A new U.S. tax law, which sliced corporate and individual income rates, also helped the company's results in the fourth quarter ended Dec. 31. BlackRock said it saw a $1.2 billion tax benefit related to the law and raised its quarterly cash dividend by 15 percent.
"We've been winning more share of wallet," Chief Executive Larry Fink told Reuters.
"Fees are really important and are becoming more important."
Fink said the tax reform was putting more money in his clients' pockets, which they would need to invest, and that the increased cash could allow him to invest more in the company's future. He declined to identify such investments but said they were discussed at the company's board meeting.
The New York-based company's shares were up 2.3 percent in trading on Friday morning. Shares have gained 47 percent over the last year, including dividends.
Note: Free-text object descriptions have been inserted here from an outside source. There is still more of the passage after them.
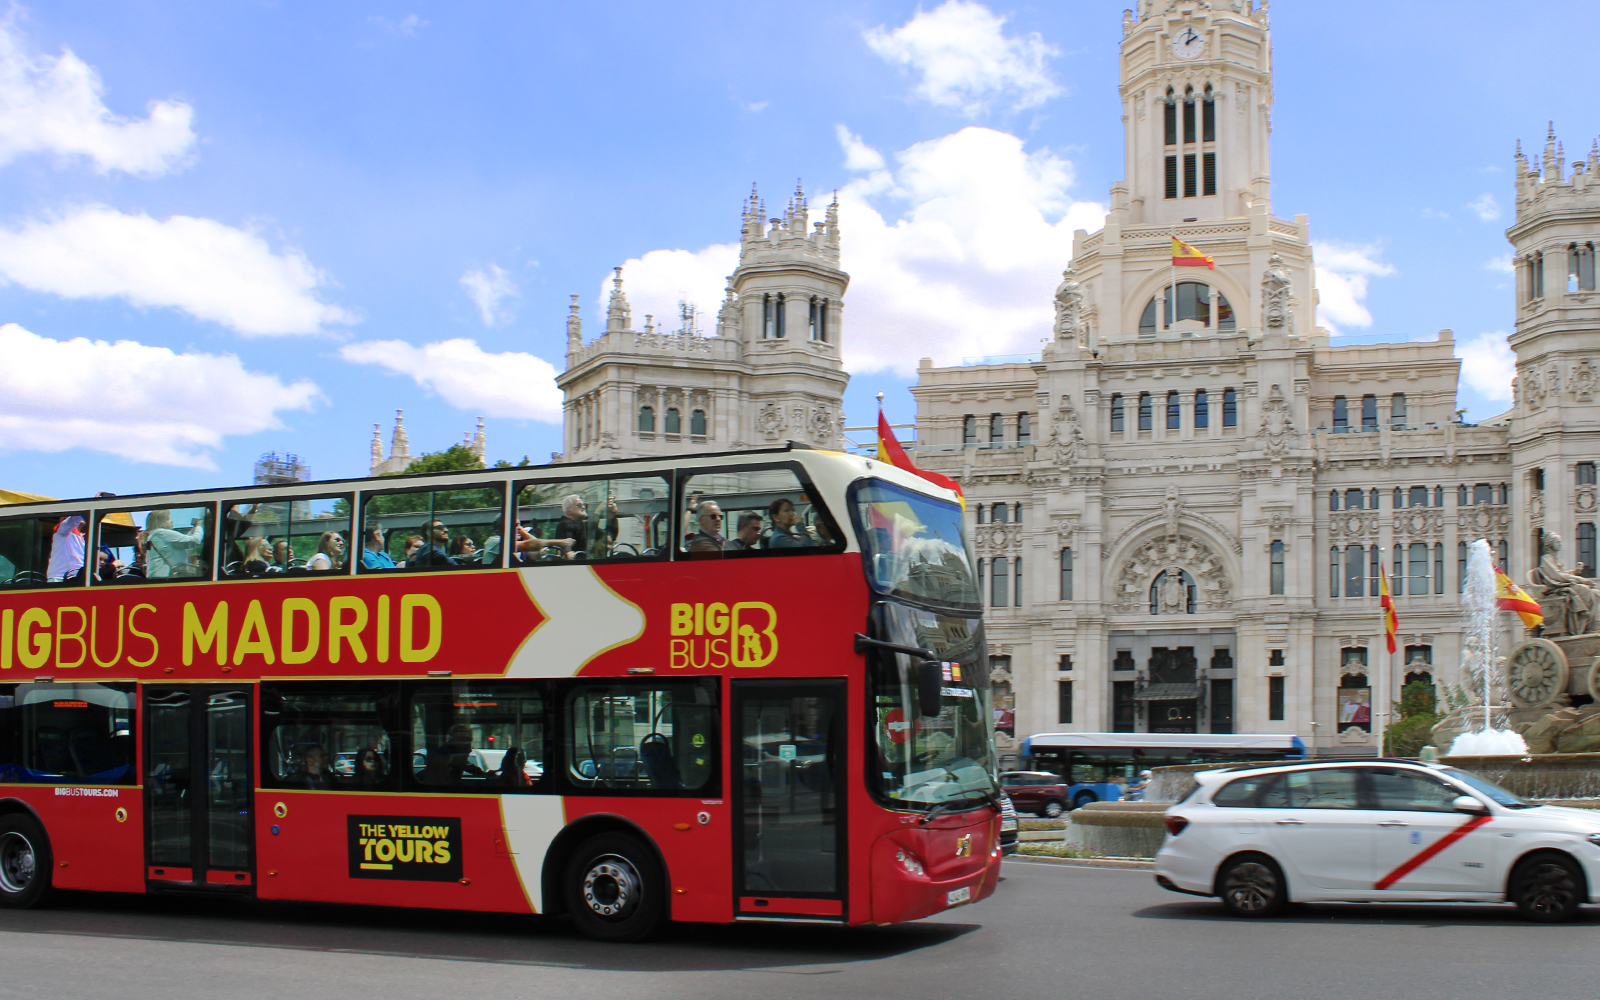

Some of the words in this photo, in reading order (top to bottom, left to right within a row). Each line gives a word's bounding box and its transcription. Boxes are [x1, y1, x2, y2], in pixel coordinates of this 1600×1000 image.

[182, 594, 442, 666] MADRID
[670, 602, 730, 636] BIG
[670, 638, 730, 669] BUS
[54, 787, 119, 797] BIGBUSTOURS.COM
[359, 824, 386, 837] THE
[388, 824, 449, 839] YELLOW
[359, 838, 451, 864] TOURS
"Just when we thought, after the third-quarter report, things couldn't get better, it seems that they did," said Edward Woods, portfolio manager at Bahl & Gaynor Inc, which owns BlackRock shares.
Strong economic growth, tame inflation and supportive government policies propped up assets in 2017, with most countries' equity markets recording gains, often at double-digit percentages.
BlackRock has the largest lineup of exchange-traded funds (ETFs), many of which track segments of the market at a relatively low fee. The move to those funds caught many of its once-larger competitors flat-footed.
BlackRock said its iShares ETF business took in $54.8 billion in new money in the quarter, up from $49.3 billion a year earlier. The $367 billion the company took in from investors in 2017 overall was a record, while assets under management expanded to $6.29 trillion.
"Our view is this acceleration - we saw 18 percent growth rate last year - we think something like that is going to continue for the next couple of years," said Jennifer Grancio, a managing director at BlackRock focused on the iShares business.
BlackRock shareholders and analysts are, however, keeping a close eye on how fast expenses are rising and fees are falling given the demand for lower-fee products. General and administration expenses for the quarter rose 26 percent in the quarter to $448 million, compared to the year-ago period.
BlackRock's net income surged to $2.3 billion, or $14.07 per share, from $851 million, or $5.13 per share, a year earlier.
Excluding the benefit from the new tax law, BlackRock earned $6.24 per share. Analysts on an average expected the company to earn $6.02 per share, according to Thomson Reuters I/B/E/S.